* **What to produce**
Please retype the entries below word for word, passing over every picture.

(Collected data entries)
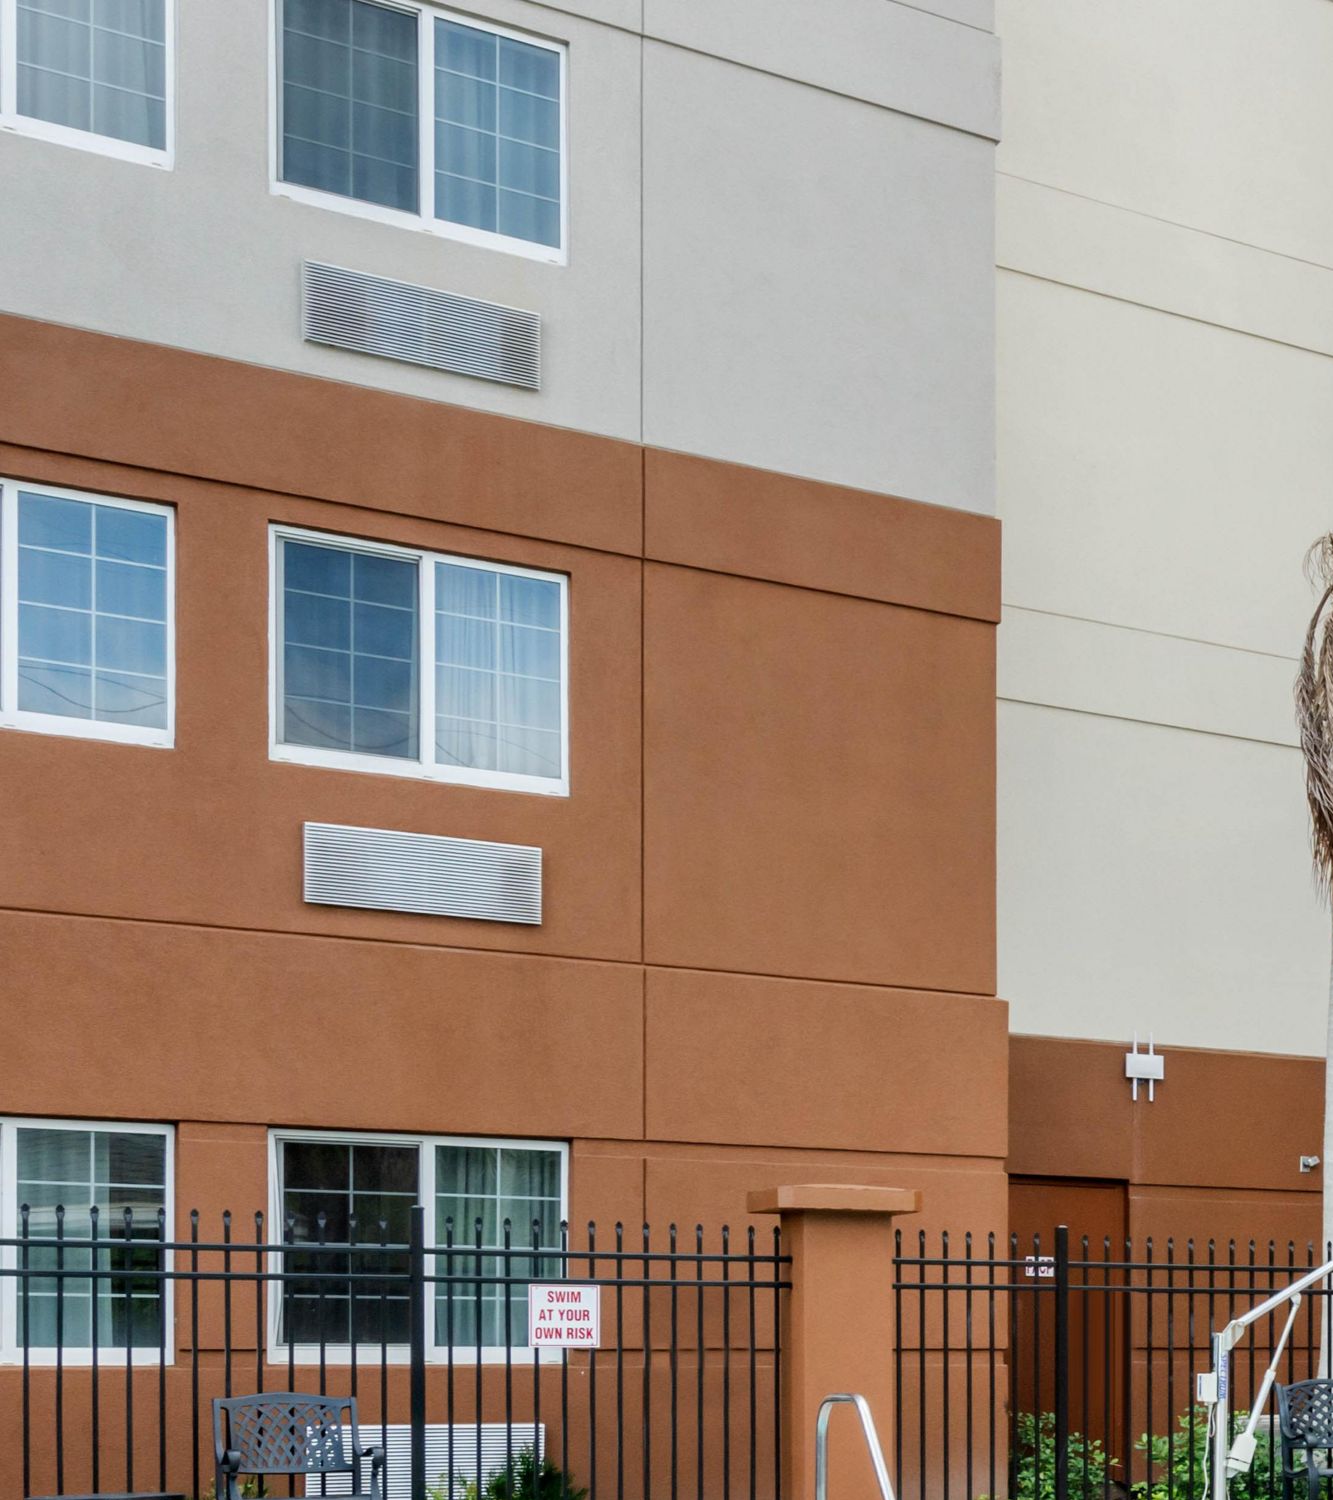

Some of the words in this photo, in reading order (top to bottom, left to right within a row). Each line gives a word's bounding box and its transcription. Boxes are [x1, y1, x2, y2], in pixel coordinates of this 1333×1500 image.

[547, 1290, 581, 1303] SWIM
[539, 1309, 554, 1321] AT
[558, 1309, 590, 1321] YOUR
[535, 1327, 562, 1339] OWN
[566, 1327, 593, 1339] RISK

* **The answer**
Some of the words in this photo, in reading order (top to bottom, left to right within a row). Each line gives a word's bounding box and its transcription. Boxes are [x1, y1, x2, y2], in pixel coordinates of this 1333×1500 image.

[547, 1290, 581, 1303] SWIM
[539, 1309, 554, 1321] AT
[558, 1309, 590, 1321] YOUR
[535, 1327, 562, 1339] OWN
[566, 1327, 593, 1339] RISK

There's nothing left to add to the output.